Just when Jigen thinks the car won’t take any more, the road abruptly ends and they’re lifted off the hillside. There’s a moment of weightlessness. Jigen’s stomach lurches up into his throat, then the car comes crashing back down to earth on the flat ground at the foot of the slope. Lupin spins the wheel as fast as he can against the force of it but they’ve come at the landing too fast and the car keels over, rolling off the road. Jigen feels like he’s been thrown in a blender as the car turns over and over on itself, eventually coming to a stop with an unpleasant crunch.

It takes a moment before Jigen is able to open his eyes. Longer still for him to realise he’s still breathing. His lungs feel too tight. He must have broken a rib or two where his seat belt had strained against his chest.

“You alright, Lupin?” he says, his voice sounding reedy and thin.
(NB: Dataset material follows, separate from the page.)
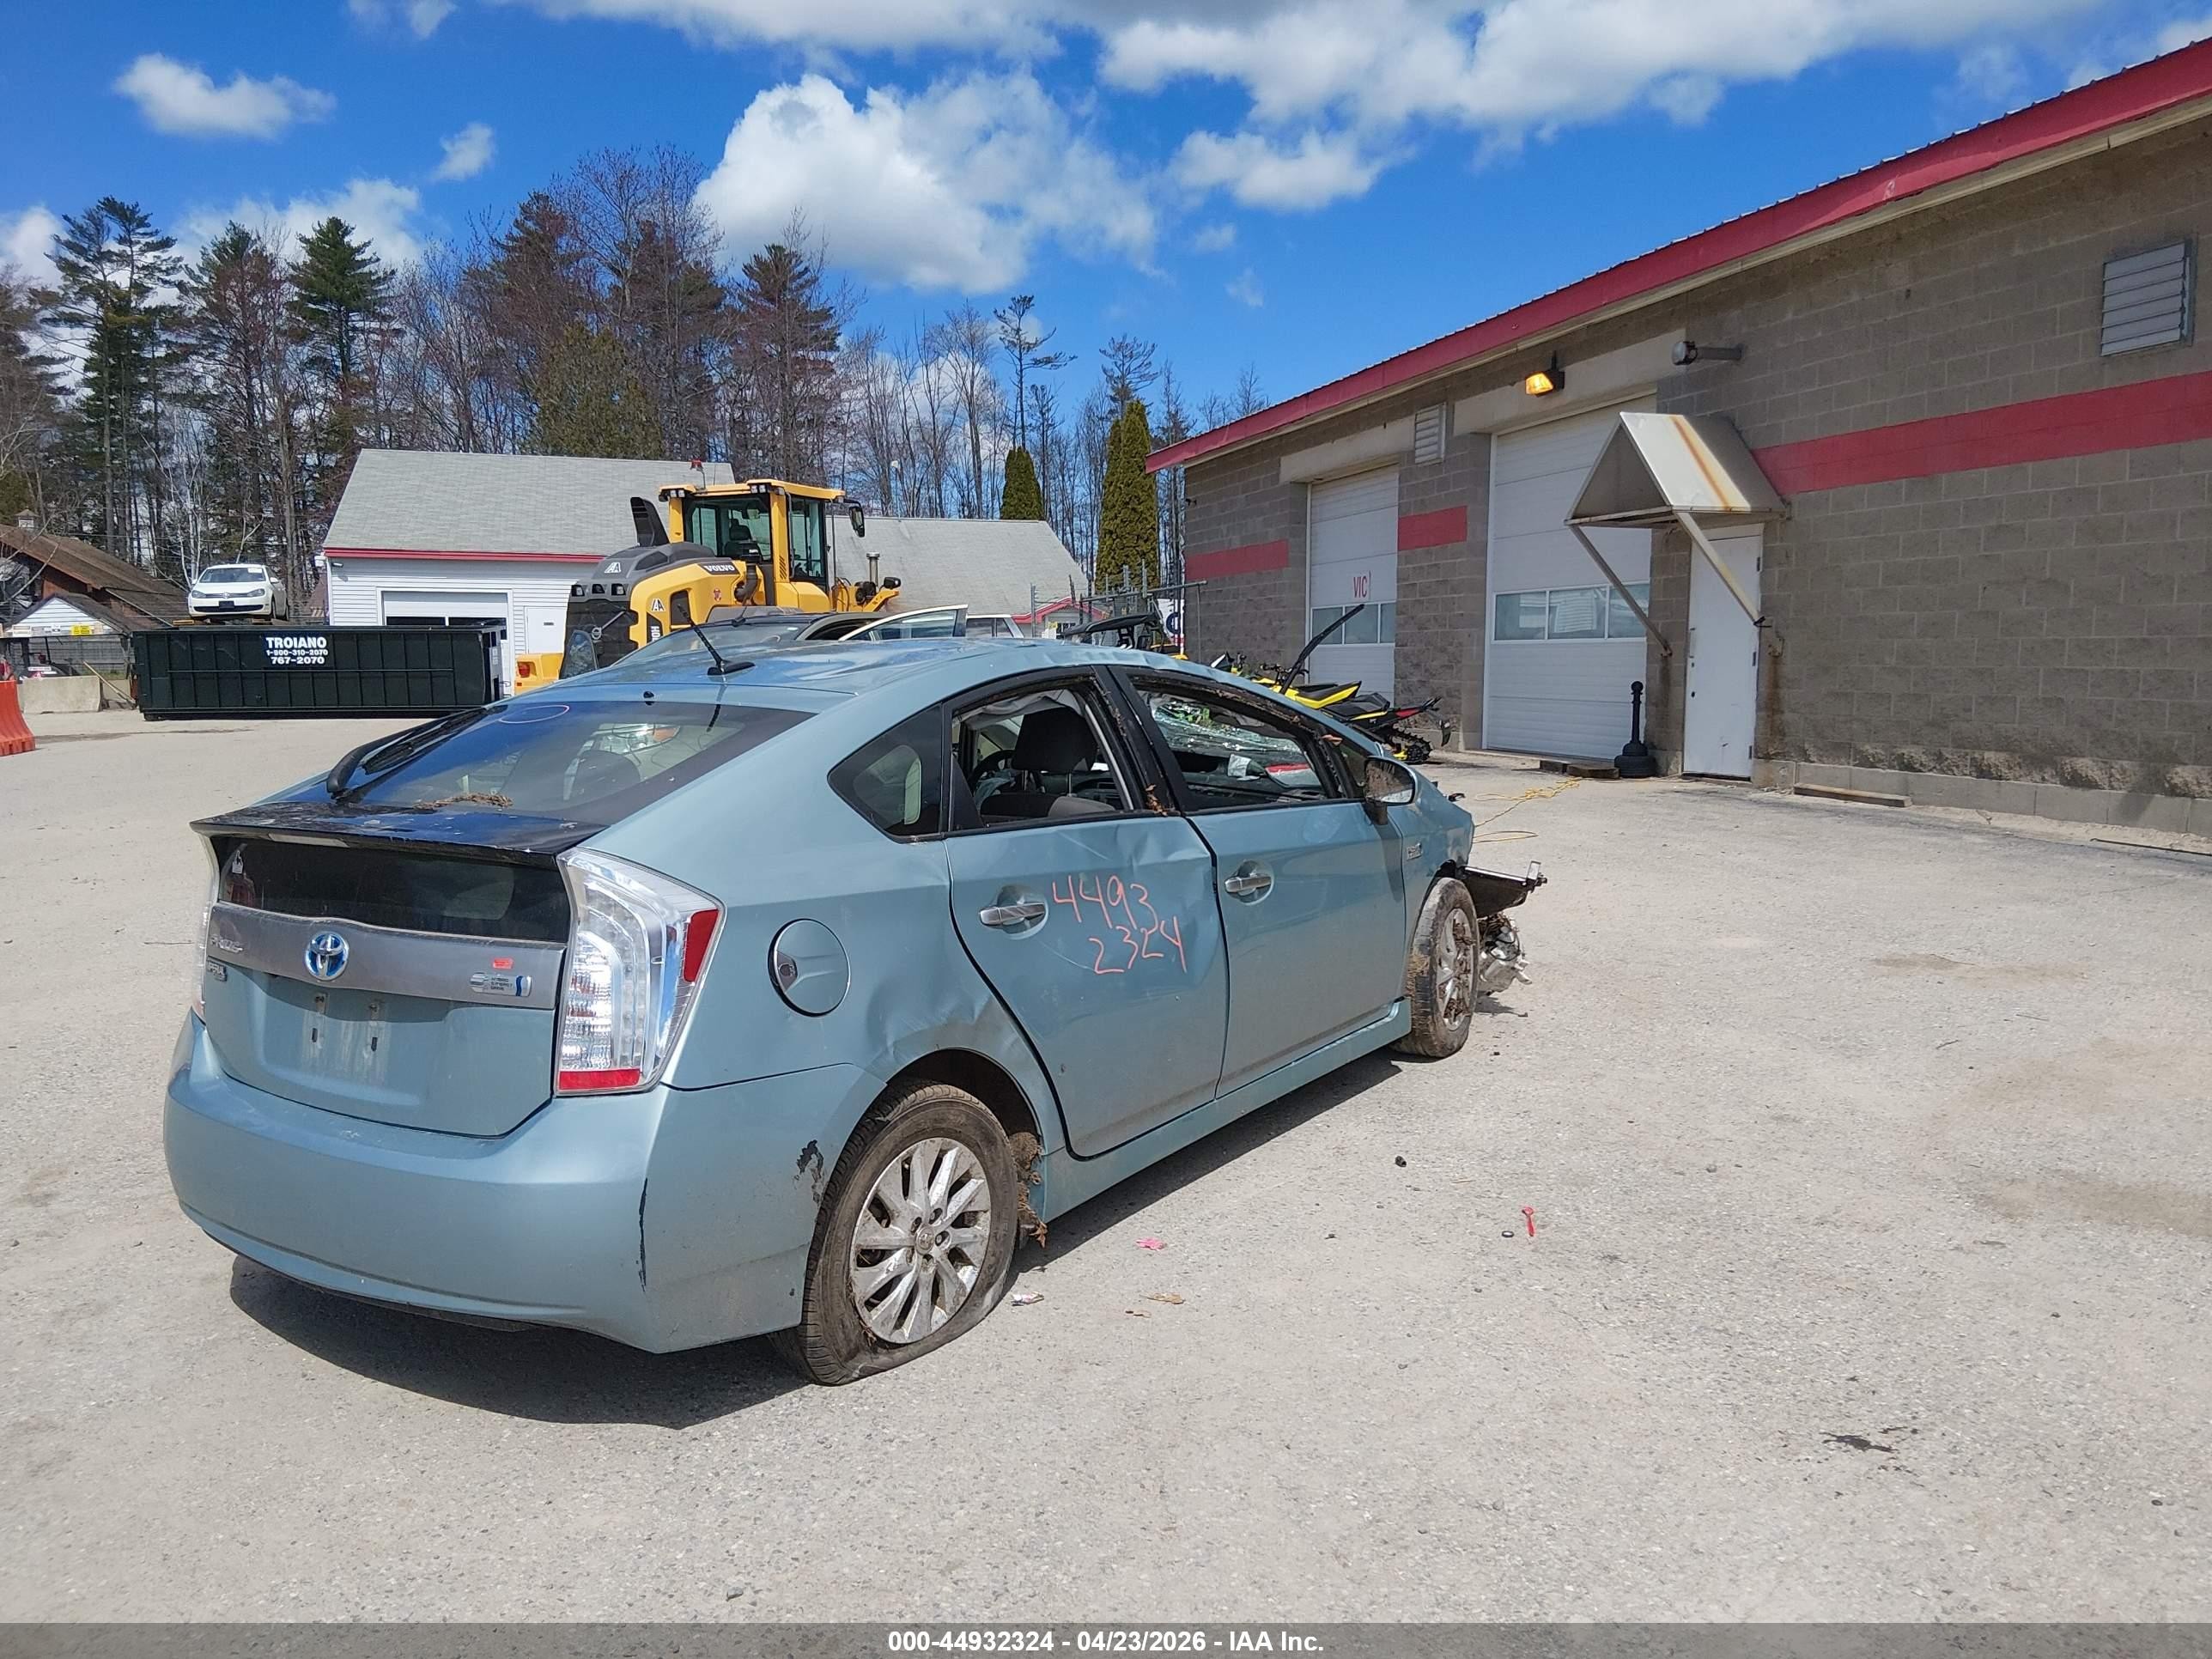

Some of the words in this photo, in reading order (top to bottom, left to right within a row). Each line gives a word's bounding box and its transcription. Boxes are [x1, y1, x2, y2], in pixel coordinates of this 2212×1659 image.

[265, 636, 327, 649] TROIANO
[1052, 874, 1159, 935] 4493
[1087, 915, 1188, 975] 2324
He turns stiffly in his seat and finds it empty. “Lupin,” he repeats, voice panicked. He forces his legs into action and kicks open the dented passenger door, spilling out onto the floor when it finally gives.
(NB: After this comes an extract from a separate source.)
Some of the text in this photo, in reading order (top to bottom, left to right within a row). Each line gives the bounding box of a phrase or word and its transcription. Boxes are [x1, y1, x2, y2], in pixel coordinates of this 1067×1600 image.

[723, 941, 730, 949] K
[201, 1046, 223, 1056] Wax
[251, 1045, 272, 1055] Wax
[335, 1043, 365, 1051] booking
Their pursuers had either all been taken out or given up on the chase as the scene is still and quiet. Staggering up, he spots Lupin a few feet from the road. He’s still where he lies in the dirt.

“Lupin!” Jigen rushes to his side. “Fuck, Lupin, you better friggin wake up. You don’t get to leave again.” He gently rolls him over, cushioning him at the elbow and back of the head. Lupin’s face is slack, almost serene. There’s a cut on his forehead that’s oozing blood.

Fear grips Jigen like a choke hold but he swallows it down and begins checking Lupin for injuries. When he presses on his chest he feels Lupin move under him then a giggling voice says, “Cut it out, I’m ticklish there!”

Jigen startles back, pulling away his hands like he’d been burned. He stares down at Lupin as he cracks an eye open with a grin. “I got you, didn’t I?” Lupin sits up with a rocking motion, giggling like a kid. “The way you held my dying body!” He mock swoons, “Oh, Jigen-chan, you really do care!”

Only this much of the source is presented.